Mr. Yunhui Peng is taking internship in Inserm, Paris, France in the lab of Dr. Maria Miteva
The laboratory "Therapeutic Molecules in silico" MTi is a combined unit of the University Paris Diderot and Unit 973 of the Inserm Institute, which is the French National Health research institute. MTi is composed of three teams working on the development of in silico approaches that assist the design of new therapeutic molecules and pharmacological probes. The goal of the lab is to develop novel in silico protocols and new algorithms to design "high quality" peptides and low molecular weight chemicals with timely applications essential forn the areas of cancer, rare diseases and cardiovascular diseases.
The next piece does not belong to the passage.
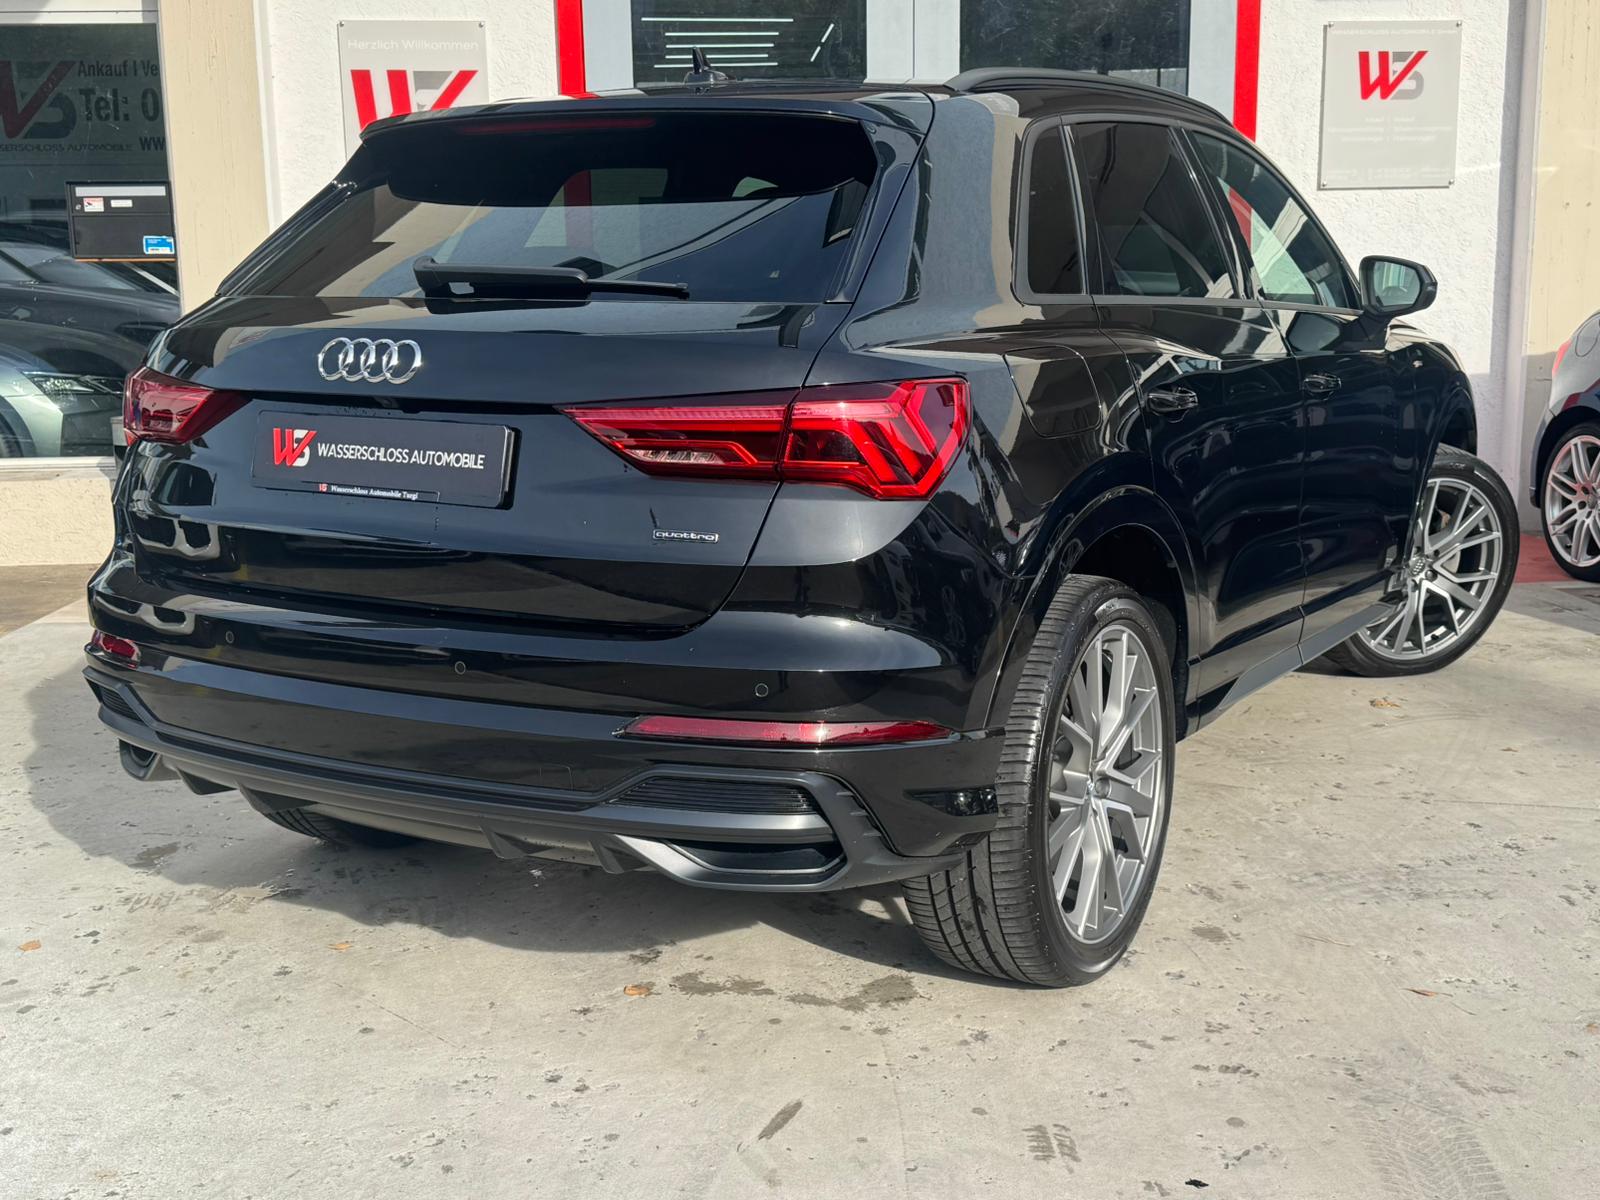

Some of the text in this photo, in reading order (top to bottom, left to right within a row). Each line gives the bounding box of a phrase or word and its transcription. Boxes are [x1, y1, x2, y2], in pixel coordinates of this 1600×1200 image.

Dr. Maria Miteva is the head of the laboratory named "Virtual screening and rational design of protein-protein interaction modulators with balanced ADME-Tox properties". Her team focuses on development of innovative therapeutic molecules and pharmacological probes. The team conducts methodological developments associated with complex molecular mechanisms like ADME-Tox predictions and the modulation of protein-protein interactions with small molecules. This category of targets offers unique opportunities with approximately 500,000 protein-protein interactions critical for human life and the need to rationally explore new areas of chemical space comprising several billion compounds. The goal is to be able to develop small molecules up to early stage clinical trials. Many applications of innovative therapeutic targets are being studied with experimentalist partners in France and in the world. The team has several molecules in various stages of development, from the stages of in silico-in vitro studies to experimental evaluation using animal models on about 10 therapeutic targets.
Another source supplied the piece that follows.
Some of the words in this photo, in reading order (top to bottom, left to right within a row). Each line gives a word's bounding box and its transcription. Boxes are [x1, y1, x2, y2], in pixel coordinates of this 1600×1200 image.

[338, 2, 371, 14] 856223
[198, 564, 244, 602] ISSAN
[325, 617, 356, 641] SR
Yunhui Peng, a PhD candidate from Dr. Alexov Emil's lab at Clemson university, received a Chateaubriand fellowship and is working in Paris together with Dr. Miteva's team on the Rett Syndrome. Rett Syndrome (RTT) is a severe neurodevelopmental disease manifested by loss of hand skills, impaired mobility and speech, and development of stereotypical hand movement. RTT exclusively develops in females, affecting one in 10,000 to 15,000 females with 50,000 RTT patients worldwide and no treatment is available now. About 95% of RTT cases result from mutations in MECP2 gene. The ongoing studies focus on one most frequently RTT causing mutation R133C in MBD domain and the goal is to seek a drug-like molecule which binding at the periphery of the MBD-DNA interface will restore the wild-type binding.